(Free-text object descriptions)
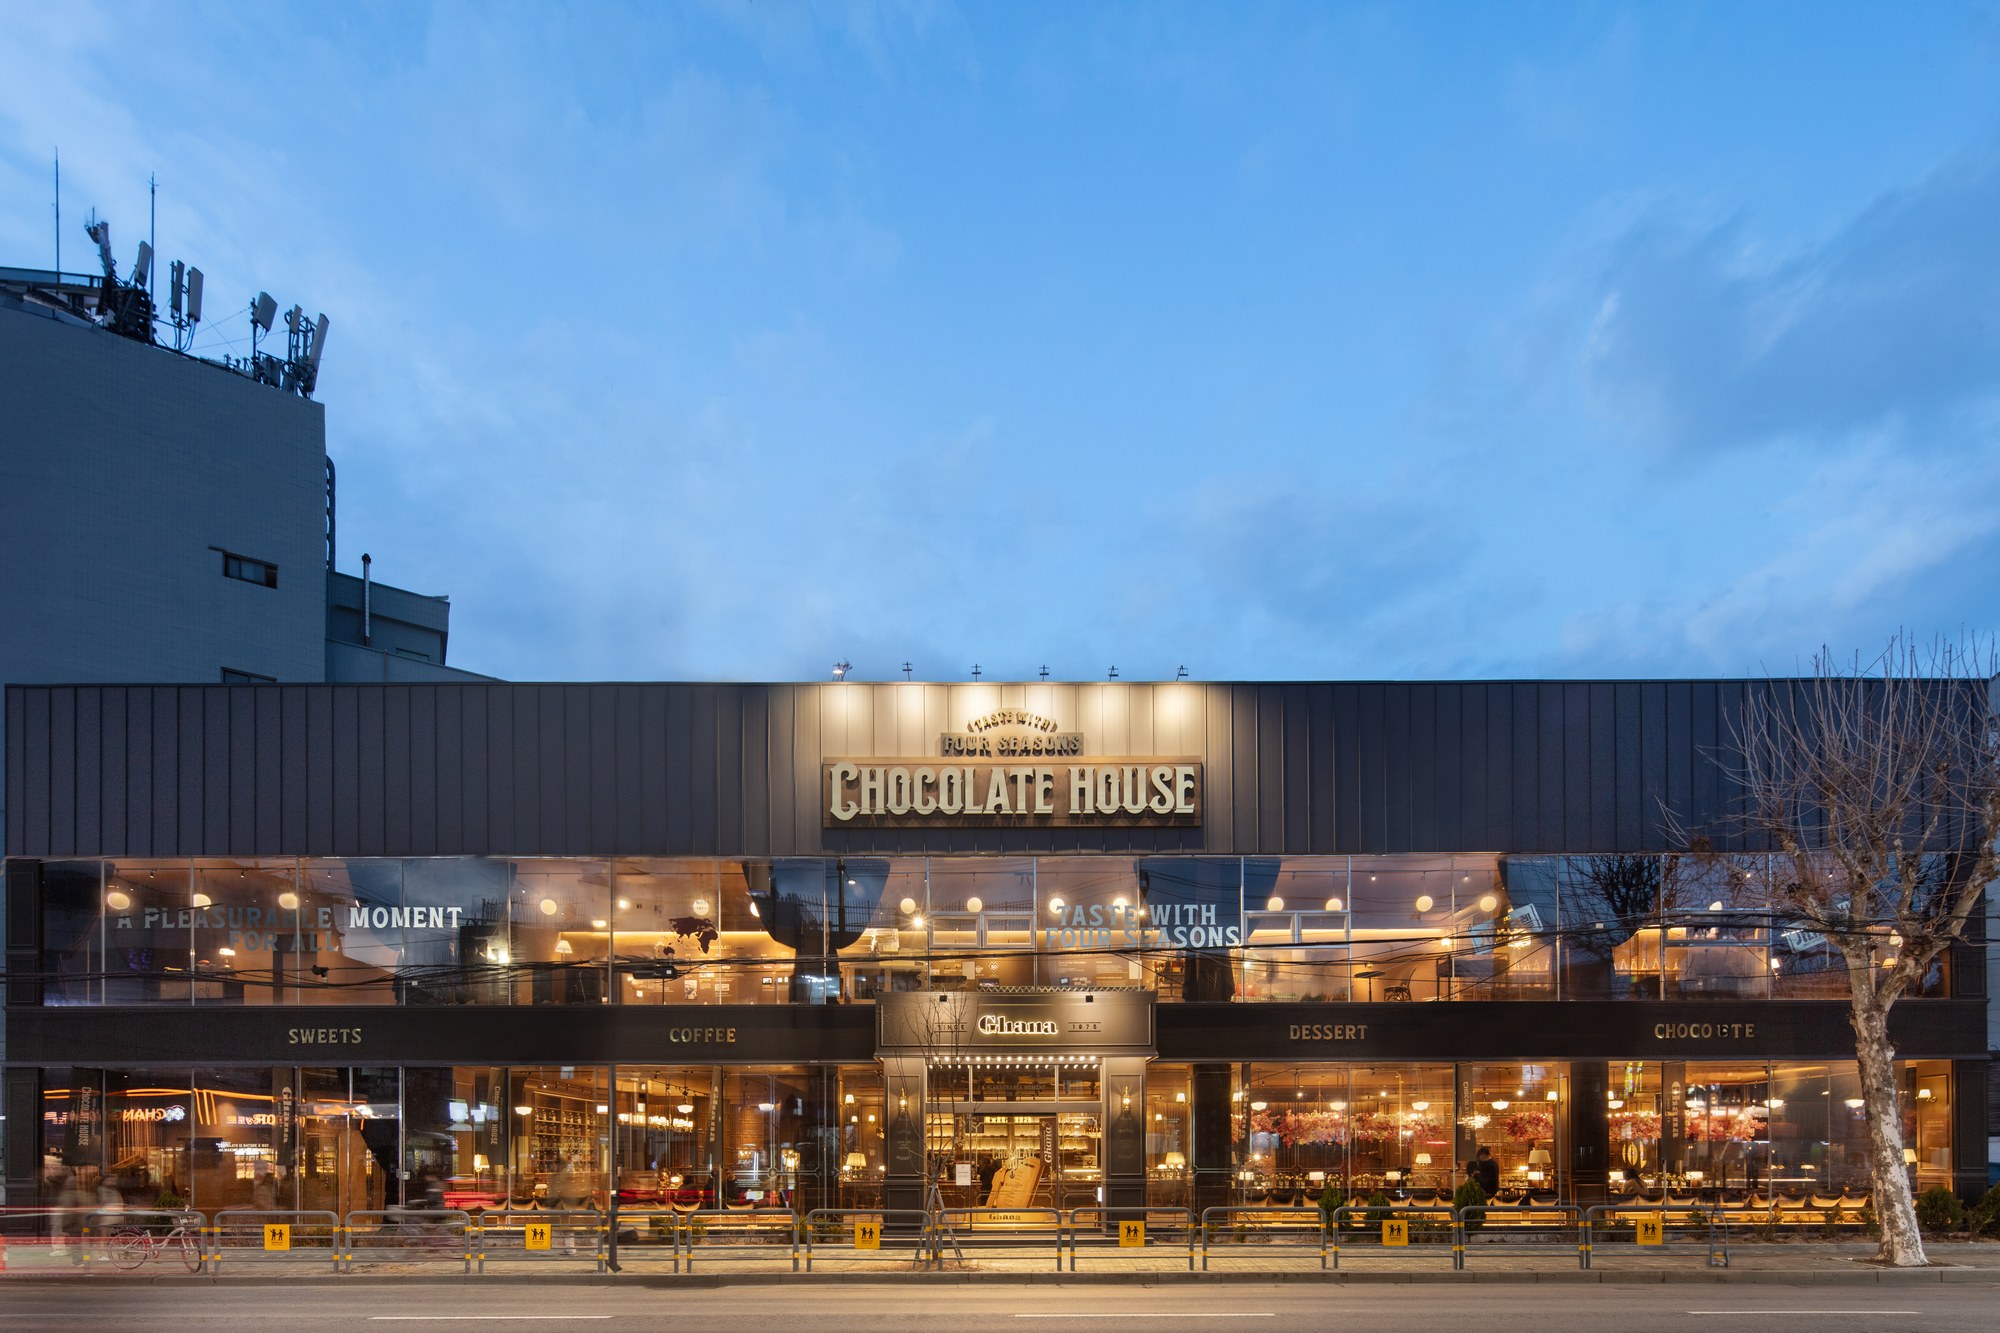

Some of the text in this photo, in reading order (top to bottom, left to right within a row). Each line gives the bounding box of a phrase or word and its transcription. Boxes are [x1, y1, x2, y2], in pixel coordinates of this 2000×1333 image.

[974, 711, 1051, 732] TASTE WITH
[943, 735, 1081, 753] FOUR SEASONS
[830, 761, 1196, 821] CHOCOLATE HOUSE
[117, 909, 133, 929] A
[349, 907, 463, 929] MOMENT
[1057, 904, 1217, 926] TASTE WITH
[229, 930, 339, 952] FOR ALL
[1045, 926, 1240, 948] FOUR SEASONS
[669, 1027, 737, 1043] COFFEE
[977, 1014, 1059, 1035] Ghana
[1289, 1024, 1368, 1040] DESSERT
[1654, 1023, 1755, 1039] CHOCOLTE
[289, 1028, 362, 1044] SWEETS
[992, 1148, 1036, 1160] CHOOLATE
[1044, 1126, 1052, 1163] Ghana
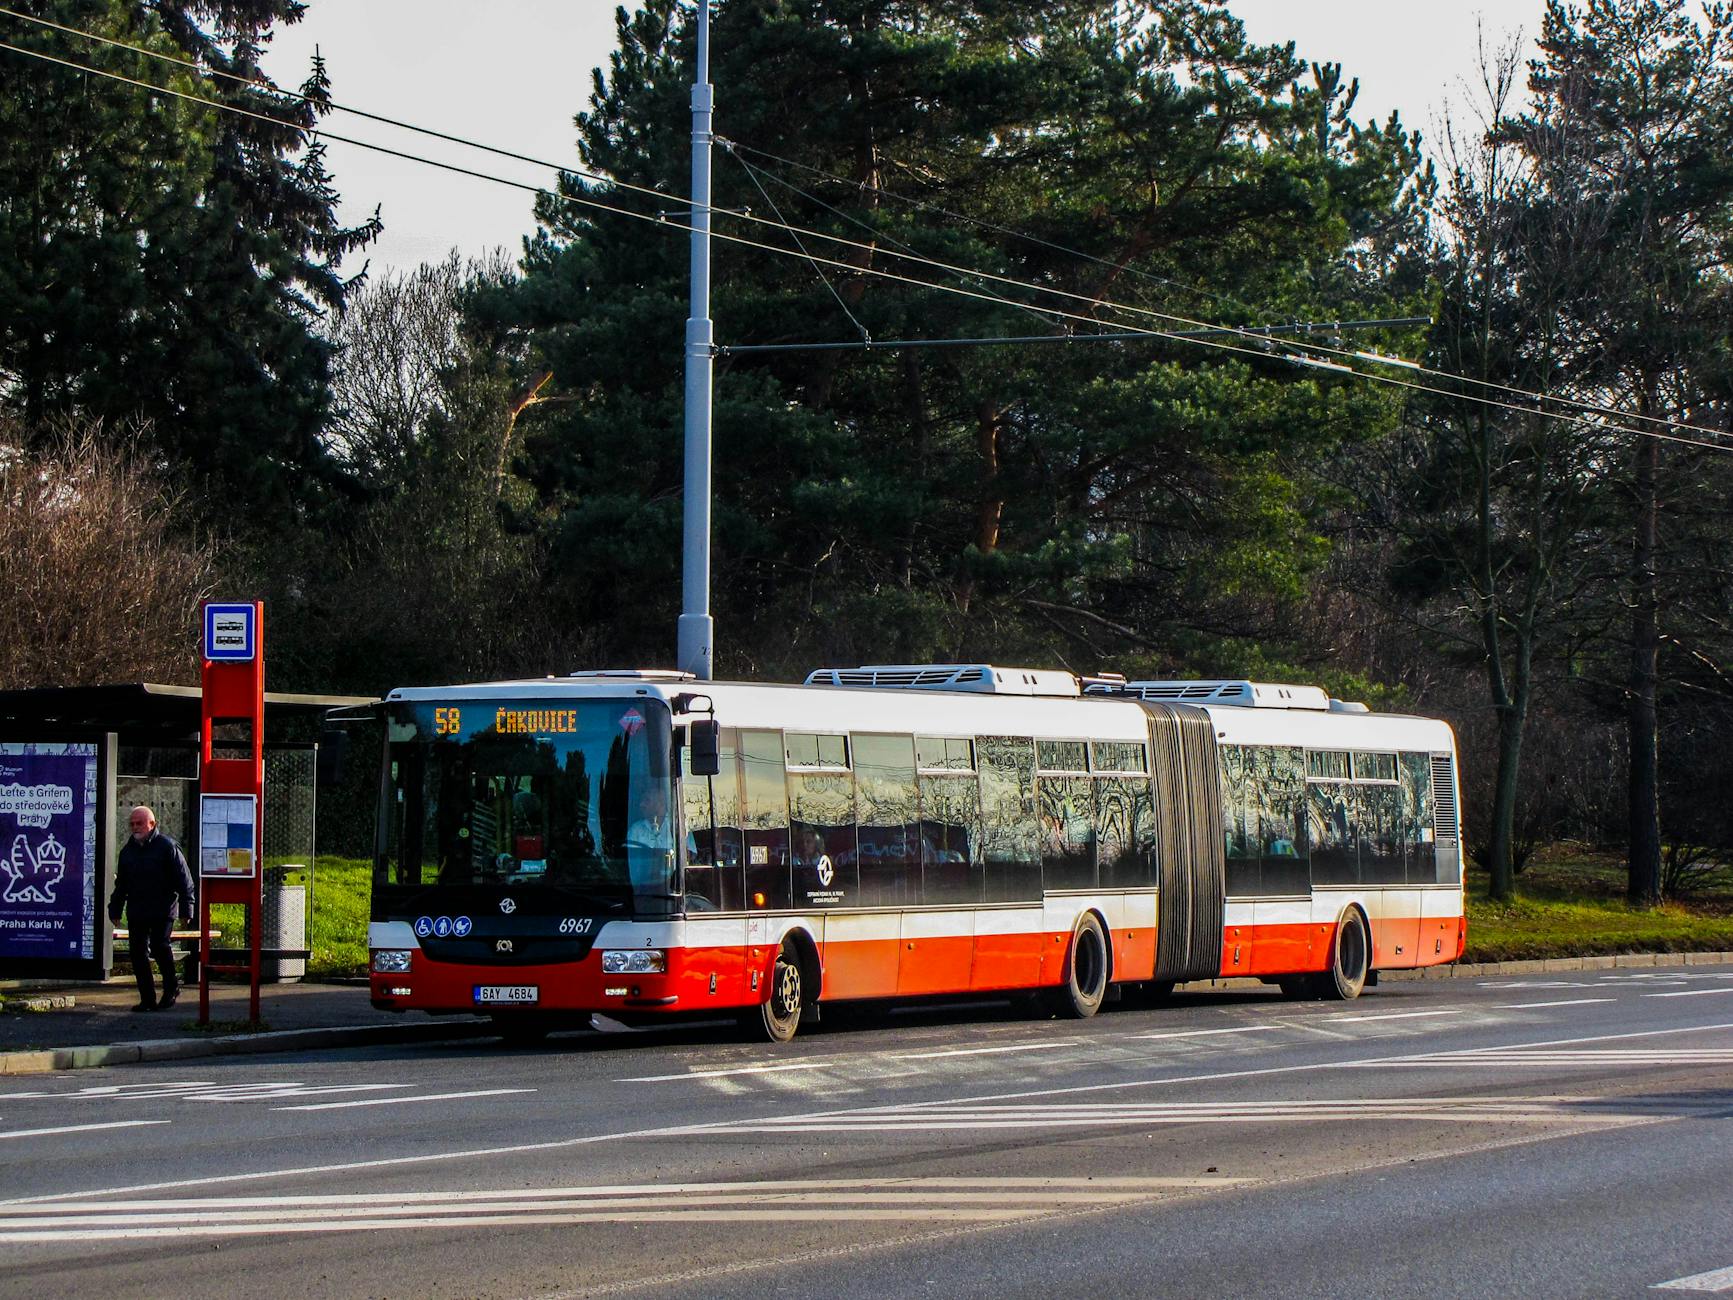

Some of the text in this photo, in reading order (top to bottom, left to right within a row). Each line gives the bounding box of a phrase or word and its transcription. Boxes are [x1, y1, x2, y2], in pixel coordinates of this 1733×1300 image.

[435, 707, 577, 734] 58 ČAKOVICE
[29, 789, 34, 797] s
[36, 787, 70, 798] Grifem
[0, 800, 70, 810] do středověké
[20, 815, 49, 826] Prahy
[752, 848, 767, 862] 6967
[0, 920, 65, 929] Praha Karla IV.
[559, 918, 593, 933] 6967
[646, 938, 652, 947] 2
[482, 988, 501, 1000] 6AY
[508, 988, 533, 1000] 4684

WORK INSTRUCTIONS: In your copy, include no pictures; print every line above exactly.

WRITTEN SOLUTION:
Some of the text in this photo, in reading order (top to bottom, left to right within a row). Each line gives the bounding box of a phrase or word and its transcription. Boxes are [x1, y1, x2, y2], in pixel coordinates of this 2000×1333 image.

[974, 711, 1051, 732] TASTE WITH
[943, 735, 1081, 753] FOUR SEASONS
[830, 761, 1196, 821] CHOCOLATE HOUSE
[117, 909, 133, 929] A
[349, 907, 463, 929] MOMENT
[1057, 904, 1217, 926] TASTE WITH
[229, 930, 339, 952] FOR ALL
[1045, 926, 1240, 948] FOUR SEASONS
[669, 1027, 737, 1043] COFFEE
[977, 1014, 1059, 1035] Ghana
[1289, 1024, 1368, 1040] DESSERT
[1654, 1023, 1755, 1039] CHOCOLTE
[289, 1028, 362, 1044] SWEETS
[992, 1148, 1036, 1160] CHOOLATE
[1044, 1126, 1052, 1163] Ghana

Some of the text in this photo, in reading order (top to bottom, left to right within a row). Each line gives the bounding box of a phrase or word and its transcription. Boxes are [x1, y1, x2, y2], in pixel coordinates of this 1733×1300 image.

[435, 707, 577, 734] 58 ČAKOVICE
[29, 789, 34, 797] s
[36, 787, 70, 798] Grifem
[0, 800, 70, 810] do středověké
[20, 815, 49, 826] Prahy
[752, 848, 767, 862] 6967
[0, 920, 65, 929] Praha Karla IV.
[559, 918, 593, 933] 6967
[646, 938, 652, 947] 2
[482, 988, 501, 1000] 6AY
[508, 988, 533, 1000] 4684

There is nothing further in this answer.